● **ABOUT THIS EXERCISE**: Transcribe the listing below verbatim, omitting pictures.
====== AVAILABLE DATA ======
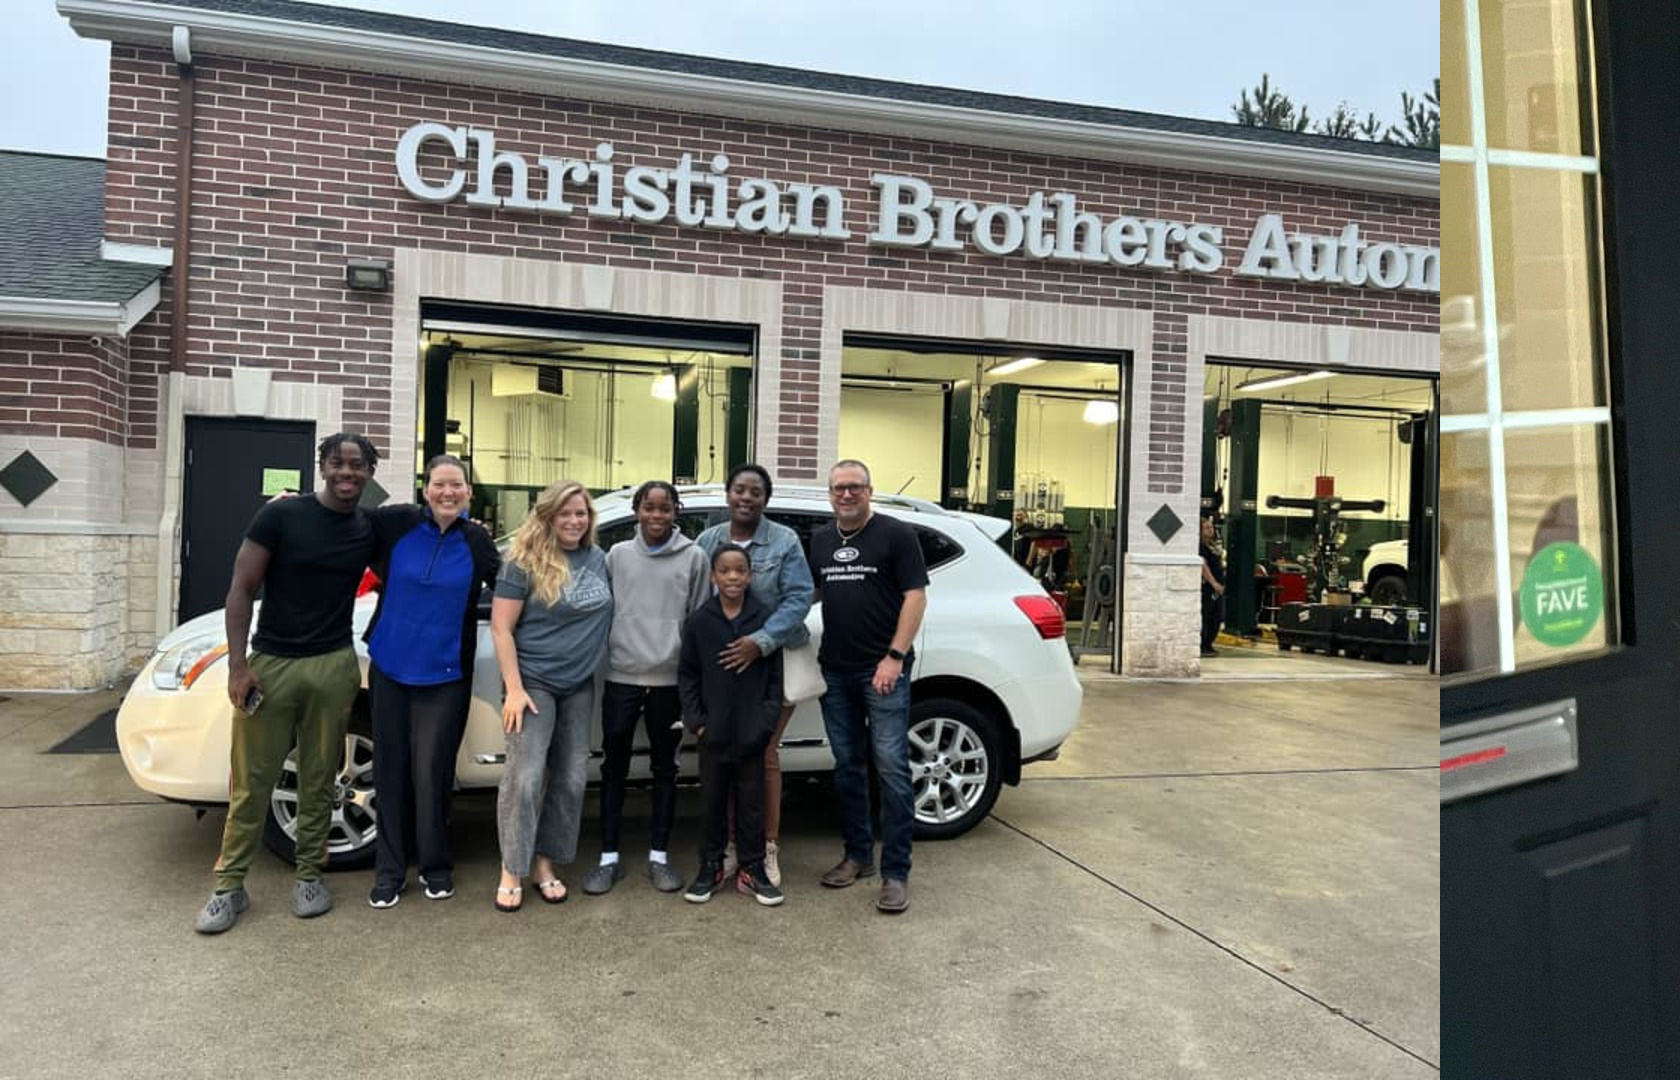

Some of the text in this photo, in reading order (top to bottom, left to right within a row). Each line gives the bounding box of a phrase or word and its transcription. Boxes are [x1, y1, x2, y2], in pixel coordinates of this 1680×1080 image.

[395, 122, 851, 239] Christian
[871, 172, 1223, 273] Brothers
[1537, 587, 1588, 616] FAVE
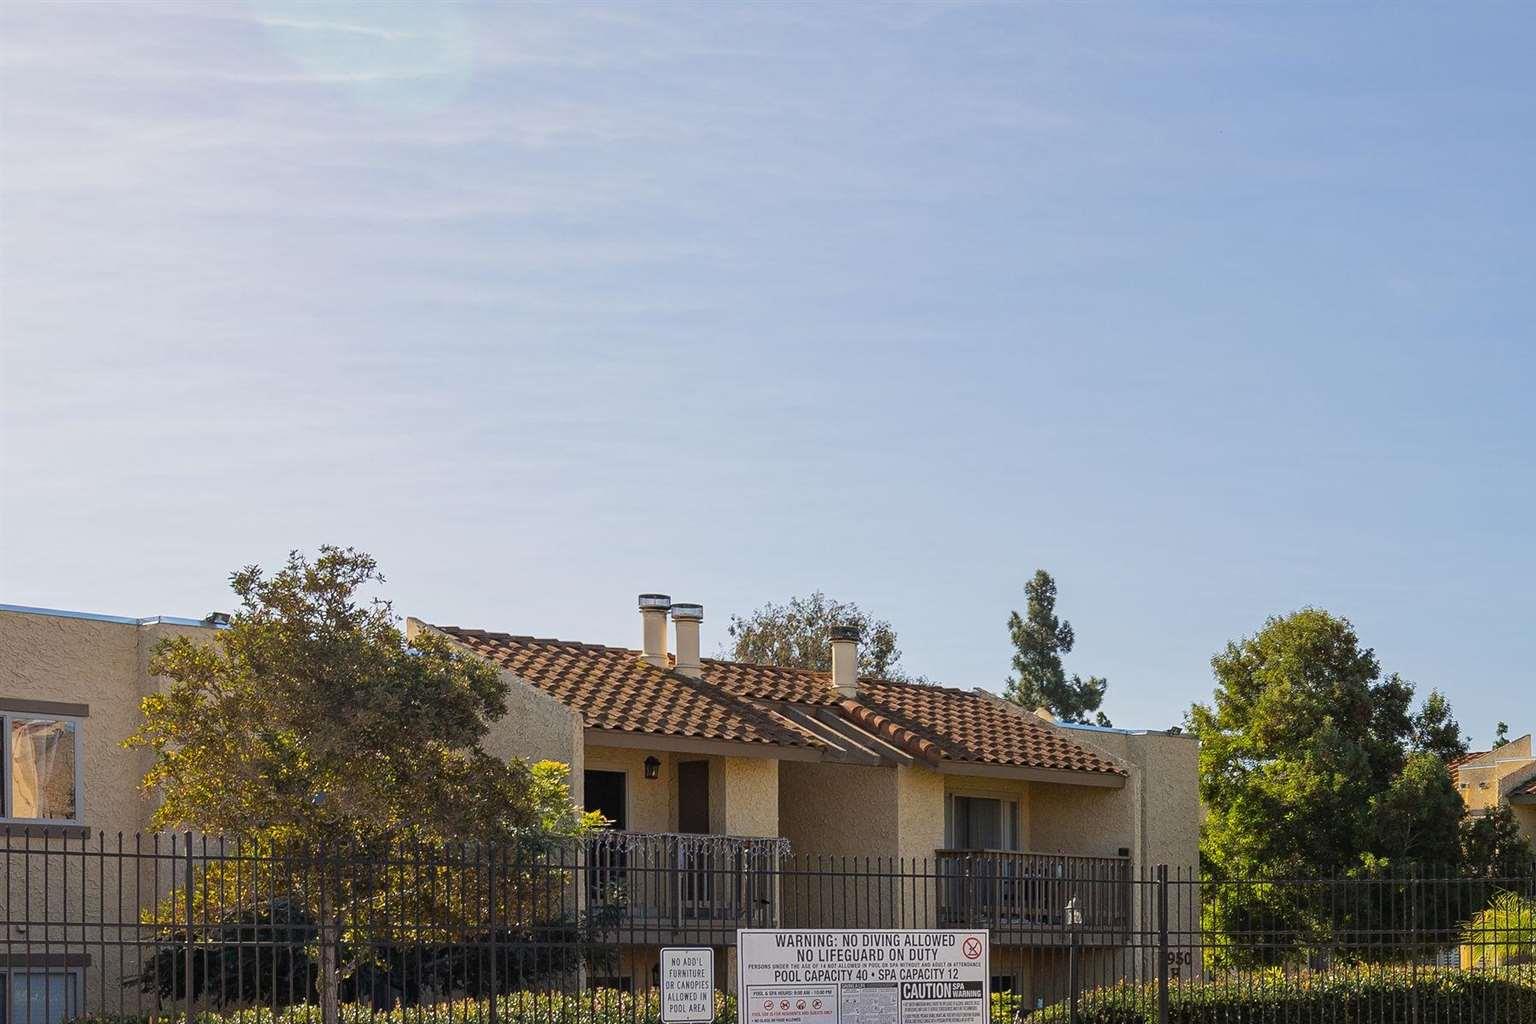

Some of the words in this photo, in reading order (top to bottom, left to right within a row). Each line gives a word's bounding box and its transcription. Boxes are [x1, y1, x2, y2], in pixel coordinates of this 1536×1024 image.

[775, 934, 838, 948] WARNING:
[843, 934, 858, 947] NO
[862, 934, 900, 947] DIVING
[904, 934, 956, 947] ALLOWED
[797, 949, 814, 962] NO
[819, 949, 884, 961] LIFEGUARD
[889, 949, 904, 961] ON
[910, 948, 938, 960] DUTY
[672, 958, 681, 966] NO
[669, 969, 705, 978] FURNITURE
[774, 970, 801, 982] POOL
[805, 970, 853, 982] CAPACITY
[856, 970, 868, 981] 40
[879, 969, 897, 981] SPA
[900, 969, 945, 980] CAPACITY
[948, 969, 959, 979] 12
[665, 981, 675, 990] OR
[677, 981, 710, 989] CANOPIES
[903, 982, 952, 999] CAUTION
[952, 983, 965, 991] SPA
[952, 990, 982, 998] WARNING
[667, 993, 697, 1001] ALLOWED
[700, 992, 707, 1000] IN
[670, 1004, 685, 1012] POOL
[689, 1004, 706, 1012] AREA
======
● **COMPLETED EXERCISE**:
Some of the text in this photo, in reading order (top to bottom, left to right within a row). Each line gives the bounding box of a phrase or word and its transcription. Boxes are [x1, y1, x2, y2], in pixel coordinates of this 1680×1080 image.

[395, 122, 851, 239] Christian
[871, 172, 1223, 273] Brothers
[1537, 587, 1588, 616] FAVE

Some of the words in this photo, in reading order (top to bottom, left to right within a row). Each line gives a word's bounding box and its transcription. Boxes are [x1, y1, x2, y2], in pixel coordinates of this 1536×1024 image.

[775, 934, 838, 948] WARNING:
[843, 934, 858, 947] NO
[862, 934, 900, 947] DIVING
[904, 934, 956, 947] ALLOWED
[797, 949, 814, 962] NO
[819, 949, 884, 961] LIFEGUARD
[889, 949, 904, 961] ON
[910, 948, 938, 960] DUTY
[672, 958, 681, 966] NO
[669, 969, 705, 978] FURNITURE
[774, 970, 801, 982] POOL
[805, 970, 853, 982] CAPACITY
[856, 970, 868, 981] 40
[879, 969, 897, 981] SPA
[900, 969, 945, 980] CAPACITY
[948, 969, 959, 979] 12
[665, 981, 675, 990] OR
[677, 981, 710, 989] CANOPIES
[903, 982, 952, 999] CAUTION
[952, 983, 965, 991] SPA
[952, 990, 982, 998] WARNING
[667, 993, 697, 1001] ALLOWED
[700, 992, 707, 1000] IN
[670, 1004, 685, 1012] POOL
[689, 1004, 706, 1012] AREA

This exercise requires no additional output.